Justice Antonin Scalia, official portrait via Wikimedia Commons

There are two very different ways to think of Antonin Scalia’s preferred method of interpreting the Constitution, often called originalism—and by the way, that Wikipedia page is unusually accurate and useful, though perhaps skewed a bit towards critics of originalism.

One might think of originalism as a method, or one might think of it as a discipline. If you conceive of it in the former way, you will run into some serious problems; if you conceive of it in the latter way, it is profoundly salutary. In a recent critique of Scalia, Laurence Tribe uses the words “method” and “methods” seventeen times — he can’t conceive of originalism in any other way. But there is another way.
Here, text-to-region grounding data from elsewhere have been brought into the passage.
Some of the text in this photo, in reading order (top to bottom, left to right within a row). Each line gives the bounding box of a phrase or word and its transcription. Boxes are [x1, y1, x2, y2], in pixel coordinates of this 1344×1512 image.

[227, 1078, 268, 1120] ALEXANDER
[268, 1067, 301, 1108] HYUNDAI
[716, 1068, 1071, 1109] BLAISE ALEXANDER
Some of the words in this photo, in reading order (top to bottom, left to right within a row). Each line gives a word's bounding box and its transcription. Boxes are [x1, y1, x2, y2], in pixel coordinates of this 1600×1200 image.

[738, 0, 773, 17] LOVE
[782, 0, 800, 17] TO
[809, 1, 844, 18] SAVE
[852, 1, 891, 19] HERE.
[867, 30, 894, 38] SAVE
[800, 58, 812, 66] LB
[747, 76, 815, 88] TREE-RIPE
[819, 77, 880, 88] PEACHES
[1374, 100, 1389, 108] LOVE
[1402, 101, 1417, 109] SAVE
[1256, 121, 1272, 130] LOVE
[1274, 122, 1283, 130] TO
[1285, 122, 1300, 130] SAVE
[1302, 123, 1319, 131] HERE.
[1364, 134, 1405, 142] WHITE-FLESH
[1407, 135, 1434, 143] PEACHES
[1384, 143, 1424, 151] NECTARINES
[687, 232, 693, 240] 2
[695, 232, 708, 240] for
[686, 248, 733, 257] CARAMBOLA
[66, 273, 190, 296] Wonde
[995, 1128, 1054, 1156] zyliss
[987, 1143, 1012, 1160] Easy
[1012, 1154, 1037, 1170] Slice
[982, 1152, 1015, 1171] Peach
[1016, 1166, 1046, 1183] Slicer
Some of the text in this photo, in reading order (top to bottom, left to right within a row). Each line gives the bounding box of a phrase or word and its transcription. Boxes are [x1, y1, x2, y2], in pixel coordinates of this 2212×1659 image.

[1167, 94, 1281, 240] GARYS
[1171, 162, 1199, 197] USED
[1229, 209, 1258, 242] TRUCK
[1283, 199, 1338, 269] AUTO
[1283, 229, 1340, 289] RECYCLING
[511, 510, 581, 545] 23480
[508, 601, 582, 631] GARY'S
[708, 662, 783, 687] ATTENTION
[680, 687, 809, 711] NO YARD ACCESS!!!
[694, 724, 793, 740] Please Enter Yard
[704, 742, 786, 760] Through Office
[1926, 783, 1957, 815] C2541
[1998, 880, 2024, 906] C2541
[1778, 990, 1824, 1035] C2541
Originalism as a method is unmanageable for several reasons, all of which stem from the essential and unavoidable condition of Constitutional interpretation, which is to apply to legal situations today a Constitution that was written more than two centuries ago. For one thing, it often requires justices, even after thorough and detailed research, to guess (infer, intuit) what the Framers might have thought about what’s happening today. But how do you do that? In the strictest sense, the Framers imagined almost nothing that we are dealing with today, since our world is so different. So rigorous methodological originalism would make the Constitution irrelevant to the law today.

It is tempting to say that, since strict or what we might call methodological originalism removes the Constitution from current legal disputes, then must we not follow the living Constitution model? In that just-linked (and now-archaic, though still-relevant) article, Jack Balkin of Yale Law School writes, “We are all living constitutionalists now. But only some of us are willing to admit it.” But that’s true only if the “living Constitution” model is the only alternative to methodological originalism.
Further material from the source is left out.